A key item affecting all of us is the administrative expenditure (Heading V), agreed at the level of of € 61 629 billion. This is € 1,5 billion less than the original Commission proposal. On this Heading, the European Council said that this new ceiling would include, inter alia, the effects of the following savings:
• A reduction applied to all EU institutions, bodies, agencies and their administrations of 5% in staff over the period 2013-2017. This shall be compensated by an increase in working hours without salary adjustment.
• As part of the reform of the Staff Regulations, the adjustment of salaries and pensions of all staff through the salary method will be suspended for two years and the new solidarity levy will be reintroduced at a level of 6% as part of the reform of the salary method.
The savings referred to above shall be equally shared between all institutions.

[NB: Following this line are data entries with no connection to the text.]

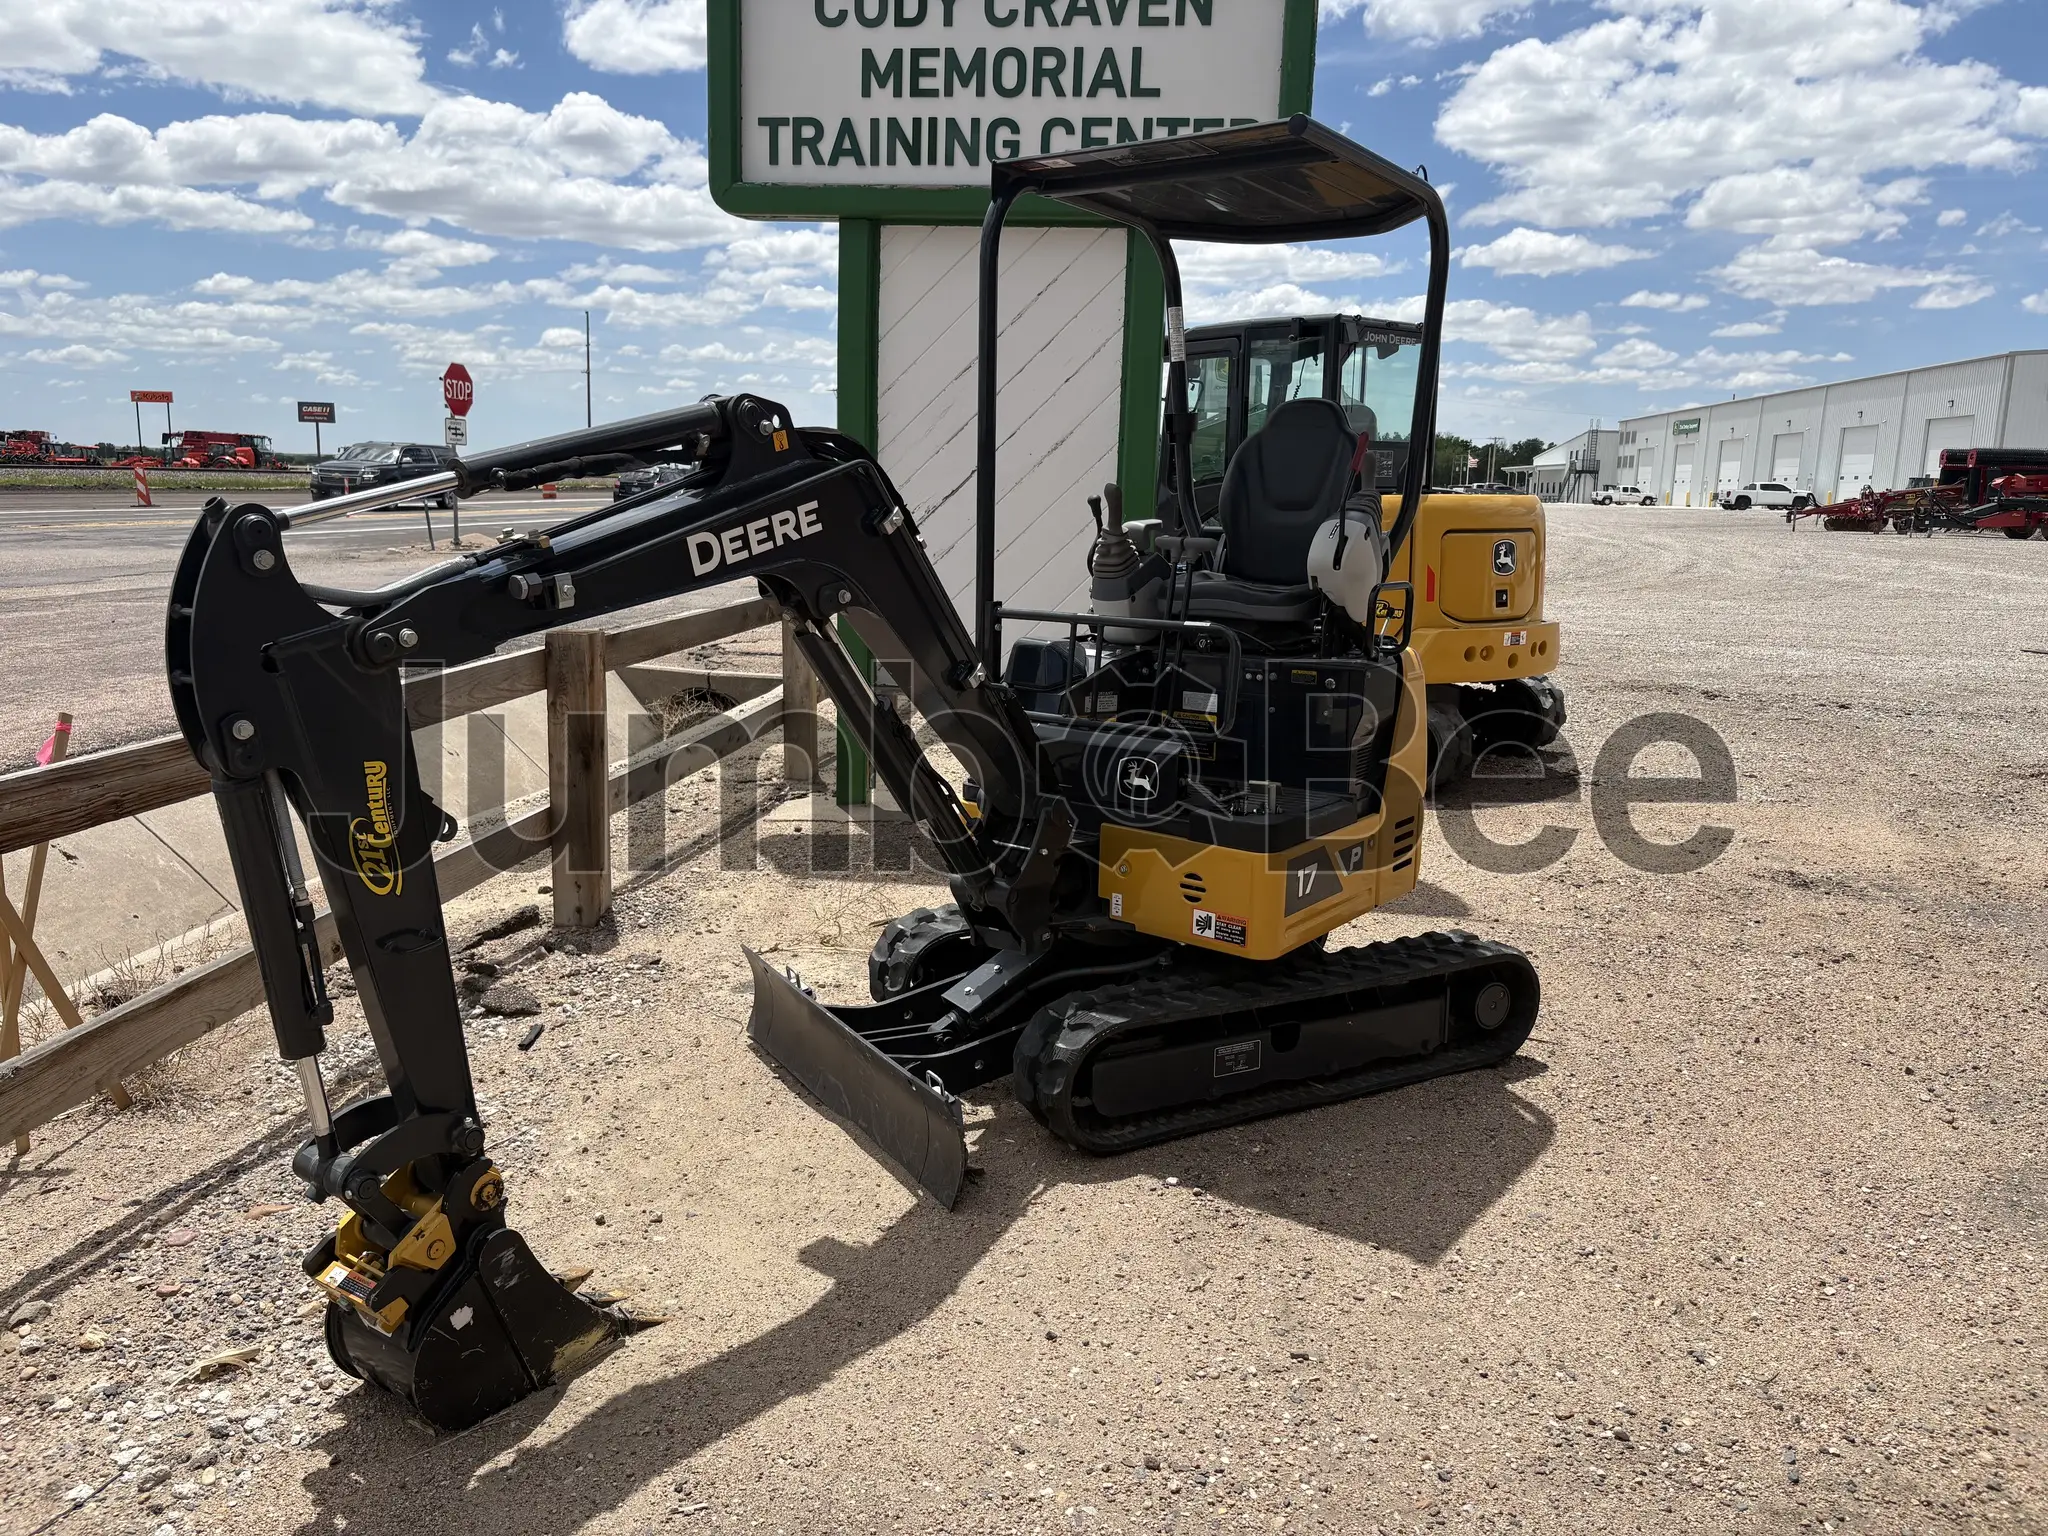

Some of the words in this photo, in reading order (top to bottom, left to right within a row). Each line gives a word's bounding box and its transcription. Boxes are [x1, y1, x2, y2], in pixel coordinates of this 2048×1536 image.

[860, 46, 1160, 99] MEMORIAL
[757, 116, 1021, 168] TRAINING
[1364, 331, 1387, 343] JOHN
[1389, 334, 1417, 345] DEERE
[143, 393, 170, 401] Kubota
[446, 379, 472, 401] STOP
[686, 500, 823, 577] DEERE
[355, 833, 393, 880] 21st
[1297, 862, 1318, 898] 17
[1349, 846, 1362, 871] P

The President of the European Council and President of the Commission were of the view that these measures, while hard for the Institutions and for staff, would still allow the Institutions to maintain their core tasks, not undermine the European public service and still be acceptable for staff at a time when all EU citizens are being asked to contribute to the general economic effort. They fought off further reductions of Heading V, and in particular proposed the additional 1,5 billion cut to be covered by a two-year salary freeze, as an additional contribution to the overall effort.

What are the next steps? Firstly, the Multiannual Financial Framework must obtain the European Parliament's consent before being adopted. Second, the reform of the Staff regulations will need to be taken forward through the ordinary legislative procedure, where the Parliament also plays a key role and has strong views. The European Council decided that the ceilings indicated above set the framework for the co-decision process, which will decide the concrete implementation of these and the other measures proposed by the Commission (such as restrictions on early retirement, the extension of the retirement ages as well as the method for fixing annual adjustments).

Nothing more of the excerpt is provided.